(Data extracted from a collection)
───

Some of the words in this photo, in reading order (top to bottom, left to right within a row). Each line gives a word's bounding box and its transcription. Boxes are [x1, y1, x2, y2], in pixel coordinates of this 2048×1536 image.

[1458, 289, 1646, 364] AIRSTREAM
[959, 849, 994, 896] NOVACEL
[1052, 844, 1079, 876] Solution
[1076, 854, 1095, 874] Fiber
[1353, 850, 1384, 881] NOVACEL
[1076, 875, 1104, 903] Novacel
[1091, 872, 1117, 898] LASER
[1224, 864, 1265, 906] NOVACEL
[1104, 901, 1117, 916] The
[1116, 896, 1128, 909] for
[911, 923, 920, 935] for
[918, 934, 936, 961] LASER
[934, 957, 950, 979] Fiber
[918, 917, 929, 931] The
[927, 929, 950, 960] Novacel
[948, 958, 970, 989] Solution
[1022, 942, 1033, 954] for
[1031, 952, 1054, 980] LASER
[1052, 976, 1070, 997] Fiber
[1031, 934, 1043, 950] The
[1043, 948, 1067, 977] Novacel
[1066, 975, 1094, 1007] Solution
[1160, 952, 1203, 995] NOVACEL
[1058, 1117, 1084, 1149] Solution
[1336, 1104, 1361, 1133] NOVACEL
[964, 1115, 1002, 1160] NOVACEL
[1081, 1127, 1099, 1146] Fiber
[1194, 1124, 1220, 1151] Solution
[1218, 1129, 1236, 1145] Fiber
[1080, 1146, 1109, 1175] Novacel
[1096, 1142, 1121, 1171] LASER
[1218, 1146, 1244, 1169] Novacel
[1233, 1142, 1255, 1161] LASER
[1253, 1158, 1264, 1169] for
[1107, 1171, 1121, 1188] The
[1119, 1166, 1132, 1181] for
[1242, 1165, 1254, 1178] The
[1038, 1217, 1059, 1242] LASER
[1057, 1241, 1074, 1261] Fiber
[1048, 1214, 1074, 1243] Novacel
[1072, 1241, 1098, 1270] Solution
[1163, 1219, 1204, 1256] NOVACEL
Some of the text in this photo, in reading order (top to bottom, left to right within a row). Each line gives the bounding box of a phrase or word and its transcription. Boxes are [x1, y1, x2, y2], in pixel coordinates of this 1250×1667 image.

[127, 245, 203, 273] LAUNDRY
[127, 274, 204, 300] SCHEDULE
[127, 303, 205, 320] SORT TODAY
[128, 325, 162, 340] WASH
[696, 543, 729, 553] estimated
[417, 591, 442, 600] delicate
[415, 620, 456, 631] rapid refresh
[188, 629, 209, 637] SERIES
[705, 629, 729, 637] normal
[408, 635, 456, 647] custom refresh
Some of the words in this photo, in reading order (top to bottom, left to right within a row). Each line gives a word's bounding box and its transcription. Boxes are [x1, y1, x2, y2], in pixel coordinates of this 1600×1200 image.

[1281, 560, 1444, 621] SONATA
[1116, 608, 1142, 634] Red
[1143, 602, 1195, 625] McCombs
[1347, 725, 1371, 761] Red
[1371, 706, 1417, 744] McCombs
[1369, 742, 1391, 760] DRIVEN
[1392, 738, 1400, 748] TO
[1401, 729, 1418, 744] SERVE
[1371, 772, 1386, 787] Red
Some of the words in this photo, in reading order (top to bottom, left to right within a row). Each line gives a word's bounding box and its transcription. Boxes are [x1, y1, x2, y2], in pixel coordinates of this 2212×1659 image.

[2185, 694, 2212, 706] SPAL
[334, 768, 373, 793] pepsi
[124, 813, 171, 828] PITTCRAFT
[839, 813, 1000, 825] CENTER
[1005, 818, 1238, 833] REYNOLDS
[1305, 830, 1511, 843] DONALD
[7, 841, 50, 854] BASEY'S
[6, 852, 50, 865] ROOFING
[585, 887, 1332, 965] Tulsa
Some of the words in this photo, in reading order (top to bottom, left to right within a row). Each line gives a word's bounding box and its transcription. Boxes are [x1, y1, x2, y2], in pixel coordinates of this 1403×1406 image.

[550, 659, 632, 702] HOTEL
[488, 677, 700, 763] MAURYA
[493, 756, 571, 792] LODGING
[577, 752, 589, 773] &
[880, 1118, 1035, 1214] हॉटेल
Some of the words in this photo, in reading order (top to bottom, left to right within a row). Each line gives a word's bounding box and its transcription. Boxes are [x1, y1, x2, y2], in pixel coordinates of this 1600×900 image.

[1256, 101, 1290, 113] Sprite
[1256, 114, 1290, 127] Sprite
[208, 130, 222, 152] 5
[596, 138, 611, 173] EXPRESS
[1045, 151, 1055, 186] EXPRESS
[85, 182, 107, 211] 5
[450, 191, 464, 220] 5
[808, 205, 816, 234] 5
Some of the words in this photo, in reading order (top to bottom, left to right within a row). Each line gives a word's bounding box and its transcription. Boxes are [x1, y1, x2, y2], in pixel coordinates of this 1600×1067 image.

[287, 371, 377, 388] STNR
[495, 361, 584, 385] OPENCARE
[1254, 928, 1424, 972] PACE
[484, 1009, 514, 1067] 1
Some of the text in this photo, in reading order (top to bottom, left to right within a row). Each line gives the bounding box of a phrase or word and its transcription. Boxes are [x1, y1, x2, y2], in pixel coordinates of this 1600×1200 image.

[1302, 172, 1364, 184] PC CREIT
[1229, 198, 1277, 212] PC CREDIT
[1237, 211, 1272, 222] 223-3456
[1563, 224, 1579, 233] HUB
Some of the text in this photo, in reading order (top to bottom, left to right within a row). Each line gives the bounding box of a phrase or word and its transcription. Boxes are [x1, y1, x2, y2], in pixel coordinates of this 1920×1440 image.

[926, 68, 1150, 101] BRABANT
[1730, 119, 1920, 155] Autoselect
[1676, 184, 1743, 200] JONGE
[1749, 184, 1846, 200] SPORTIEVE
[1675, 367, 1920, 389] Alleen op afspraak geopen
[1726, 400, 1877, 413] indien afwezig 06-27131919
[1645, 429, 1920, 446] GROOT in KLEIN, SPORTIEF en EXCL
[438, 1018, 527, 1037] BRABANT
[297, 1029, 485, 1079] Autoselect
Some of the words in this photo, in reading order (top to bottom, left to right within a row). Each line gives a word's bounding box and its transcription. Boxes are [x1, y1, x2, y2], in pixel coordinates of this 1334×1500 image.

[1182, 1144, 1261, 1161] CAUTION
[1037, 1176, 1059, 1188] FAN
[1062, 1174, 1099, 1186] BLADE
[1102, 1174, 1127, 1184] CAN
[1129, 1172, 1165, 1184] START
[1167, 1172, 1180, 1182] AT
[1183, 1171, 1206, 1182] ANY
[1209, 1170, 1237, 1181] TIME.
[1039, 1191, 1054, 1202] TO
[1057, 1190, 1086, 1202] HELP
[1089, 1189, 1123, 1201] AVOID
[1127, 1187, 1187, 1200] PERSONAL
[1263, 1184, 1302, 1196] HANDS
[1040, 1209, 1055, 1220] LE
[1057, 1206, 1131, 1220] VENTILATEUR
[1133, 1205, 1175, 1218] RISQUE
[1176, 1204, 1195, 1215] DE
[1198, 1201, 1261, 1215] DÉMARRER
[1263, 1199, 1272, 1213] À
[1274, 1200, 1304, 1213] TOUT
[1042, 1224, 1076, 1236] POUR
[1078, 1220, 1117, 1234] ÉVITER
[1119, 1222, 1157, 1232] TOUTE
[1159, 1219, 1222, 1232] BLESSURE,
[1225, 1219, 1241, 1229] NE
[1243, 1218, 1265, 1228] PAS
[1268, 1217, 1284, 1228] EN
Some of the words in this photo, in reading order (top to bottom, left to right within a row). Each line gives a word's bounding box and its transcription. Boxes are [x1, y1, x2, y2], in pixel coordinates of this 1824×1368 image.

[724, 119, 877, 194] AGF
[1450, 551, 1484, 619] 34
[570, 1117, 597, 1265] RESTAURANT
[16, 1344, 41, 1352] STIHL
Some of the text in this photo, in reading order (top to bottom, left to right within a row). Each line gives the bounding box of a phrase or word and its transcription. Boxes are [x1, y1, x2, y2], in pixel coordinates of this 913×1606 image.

───

> [YOUR TASK]:
Write out again, exactly as they appear above, the lines from the one containing "this 1334×1500 image." to the final line, and only those.

> [RESULT]:
Some of the words in this photo, in reading order (top to bottom, left to right within a row). Each line gives a word's bounding box and its transcription. Boxes are [x1, y1, x2, y2], in pixel coordinates of this 1334×1500 image.

[1182, 1144, 1261, 1161] CAUTION
[1037, 1176, 1059, 1188] FAN
[1062, 1174, 1099, 1186] BLADE
[1102, 1174, 1127, 1184] CAN
[1129, 1172, 1165, 1184] START
[1167, 1172, 1180, 1182] AT
[1183, 1171, 1206, 1182] ANY
[1209, 1170, 1237, 1181] TIME.
[1039, 1191, 1054, 1202] TO
[1057, 1190, 1086, 1202] HELP
[1089, 1189, 1123, 1201] AVOID
[1127, 1187, 1187, 1200] PERSONAL
[1263, 1184, 1302, 1196] HANDS
[1040, 1209, 1055, 1220] LE
[1057, 1206, 1131, 1220] VENTILATEUR
[1133, 1205, 1175, 1218] RISQUE
[1176, 1204, 1195, 1215] DE
[1198, 1201, 1261, 1215] DÉMARRER
[1263, 1199, 1272, 1213] À
[1274, 1200, 1304, 1213] TOUT
[1042, 1224, 1076, 1236] POUR
[1078, 1220, 1117, 1234] ÉVITER
[1119, 1222, 1157, 1232] TOUTE
[1159, 1219, 1222, 1232] BLESSURE,
[1225, 1219, 1241, 1229] NE
[1243, 1218, 1265, 1228] PAS
[1268, 1217, 1284, 1228] EN
Some of the words in this photo, in reading order (top to bottom, left to right within a row). Each line gives a word's bounding box and its transcription. Boxes are [x1, y1, x2, y2], in pixel coordinates of this 1824×1368 image.

[724, 119, 877, 194] AGF
[1450, 551, 1484, 619] 34
[570, 1117, 597, 1265] RESTAURANT
[16, 1344, 41, 1352] STIHL
Some of the text in this photo, in reading order (top to bottom, left to right within a row). Each line gives the bounding box of a phrase or word and its transcription. Boxes are [x1, y1, x2, y2], in pixel coordinates of this 913×1606 image.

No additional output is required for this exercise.